Free-text object descriptions
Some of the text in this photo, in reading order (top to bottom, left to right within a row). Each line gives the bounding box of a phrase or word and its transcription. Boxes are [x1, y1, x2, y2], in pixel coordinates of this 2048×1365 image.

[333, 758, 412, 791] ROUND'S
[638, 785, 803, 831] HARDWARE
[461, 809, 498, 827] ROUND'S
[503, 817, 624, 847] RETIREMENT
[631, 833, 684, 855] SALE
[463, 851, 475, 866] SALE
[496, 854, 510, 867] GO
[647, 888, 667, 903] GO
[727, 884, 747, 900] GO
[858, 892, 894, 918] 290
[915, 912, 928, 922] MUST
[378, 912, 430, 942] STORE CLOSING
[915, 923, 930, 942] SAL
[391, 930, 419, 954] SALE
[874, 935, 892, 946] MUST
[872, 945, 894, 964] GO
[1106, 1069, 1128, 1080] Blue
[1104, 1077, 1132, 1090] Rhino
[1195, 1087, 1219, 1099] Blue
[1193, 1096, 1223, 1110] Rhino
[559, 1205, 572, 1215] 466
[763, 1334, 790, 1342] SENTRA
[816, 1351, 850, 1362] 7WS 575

- What needs to be done -
Nothing in the records may be dropped; reproduce them exactly.

- Problem solution -
Some of the text in this photo, in reading order (top to bottom, left to right within a row). Each line gives the bounding box of a phrase or word and its transcription. Boxes are [x1, y1, x2, y2], in pixel coordinates of this 2048×1365 image.

[333, 758, 412, 791] ROUND'S
[638, 785, 803, 831] HARDWARE
[461, 809, 498, 827] ROUND'S
[503, 817, 624, 847] RETIREMENT
[631, 833, 684, 855] SALE
[463, 851, 475, 866] SALE
[496, 854, 510, 867] GO
[647, 888, 667, 903] GO
[727, 884, 747, 900] GO
[858, 892, 894, 918] 290
[915, 912, 928, 922] MUST
[378, 912, 430, 942] STORE CLOSING
[915, 923, 930, 942] SAL
[391, 930, 419, 954] SALE
[874, 935, 892, 946] MUST
[872, 945, 894, 964] GO
[1106, 1069, 1128, 1080] Blue
[1104, 1077, 1132, 1090] Rhino
[1195, 1087, 1219, 1099] Blue
[1193, 1096, 1223, 1110] Rhino
[559, 1205, 572, 1215] 466
[763, 1334, 790, 1342] SENTRA
[816, 1351, 850, 1362] 7WS 575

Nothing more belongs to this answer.